Experiment with typing some new formulas in new cells.
Can you figure out how to raise a number to a power?
What happens if you forget to start a formula with the = symbol?
4.2
Activity
Open a blank spreadsheet. In A1, type “10” and hit the Enter key.
In A2, type “=A1+3” and hit Enter.
Click once on cell A2 to highlight it. See the little + in the lower-right corner? Click and drag it down to highlight several rows in that column, and then let go. (this is known as “fill down”). Describe what happens.
What simple thing can you edit so that column A shows the sequence 12, 15, 18, . . . ?
What simple things can you edit so that column A shows the sequence 12, 11, 10, . . . ?
In B1, type “16” and hit Enter.
In B2, type “=B1*0.5” and hit Enter.
Click on cell B2 and fill down. Describe what happens.
What simple thing can you edit so that column B shows the sequence 10, 5, 2.5, . . . ?
What simple things can you edit so that column B shows the sequence 10, 30, 90, . . . ?
In column C, starting at C1 and going down, type these terms of a geometric sequence: 700, 70, 7, 0.7, 0.07
Type “=C2/C1” in cell D2. What is the result?
What is the meaning of the result?
Click on cell D2 and fill down. What happens?
In column E, starting at E1 and going down, type these terms of an arithmetic sequence: 7, 10.5, 14, 17.5
Type “=E2-E1” in cell F2. What is the result?
What is the meaning of the result?
Click on cell F2 and fill down. What happens?
Use the spreadsheet to decide whether the sequence 8, 12, 18, 27, 40.5 is arithmetic or geometric, and find its rate of change or growth factor.

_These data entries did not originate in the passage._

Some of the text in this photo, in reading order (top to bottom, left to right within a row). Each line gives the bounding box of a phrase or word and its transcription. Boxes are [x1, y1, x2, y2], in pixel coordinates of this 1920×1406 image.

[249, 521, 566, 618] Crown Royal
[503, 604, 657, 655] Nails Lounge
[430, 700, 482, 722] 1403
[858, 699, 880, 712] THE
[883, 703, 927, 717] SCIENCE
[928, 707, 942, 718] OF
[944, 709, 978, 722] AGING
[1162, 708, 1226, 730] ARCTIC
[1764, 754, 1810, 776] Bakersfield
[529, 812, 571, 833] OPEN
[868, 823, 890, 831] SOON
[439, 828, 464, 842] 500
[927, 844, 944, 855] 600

Use the spreadsheet to decide whether the sequence 50, 42.1, 34.2, 26.3 is arithmetic or geometric, and find its rate of change or growth factor.
4.3
Activity
Open a graphing utility, and follow your teacher’s instructions to create a new table with 2 columns. Learn how the 2 numbers in each row can be plotted as points in the coordinate plane.
Change the numbers in the table so that all of the plotted points lie along a diagonal line with a positive slope.
Change the numbers in the table so that all of the plotted points lie along a horizontal line.
Change the numbers in the table so that the graph created does not represent a function.
Follow your teacher’s instructions to make one column a function of the other.
Change the expression in the second column so that the plotted points lie on a line with a different steepness.
Change the expression in the second column so that the plotted points do not lie on a line.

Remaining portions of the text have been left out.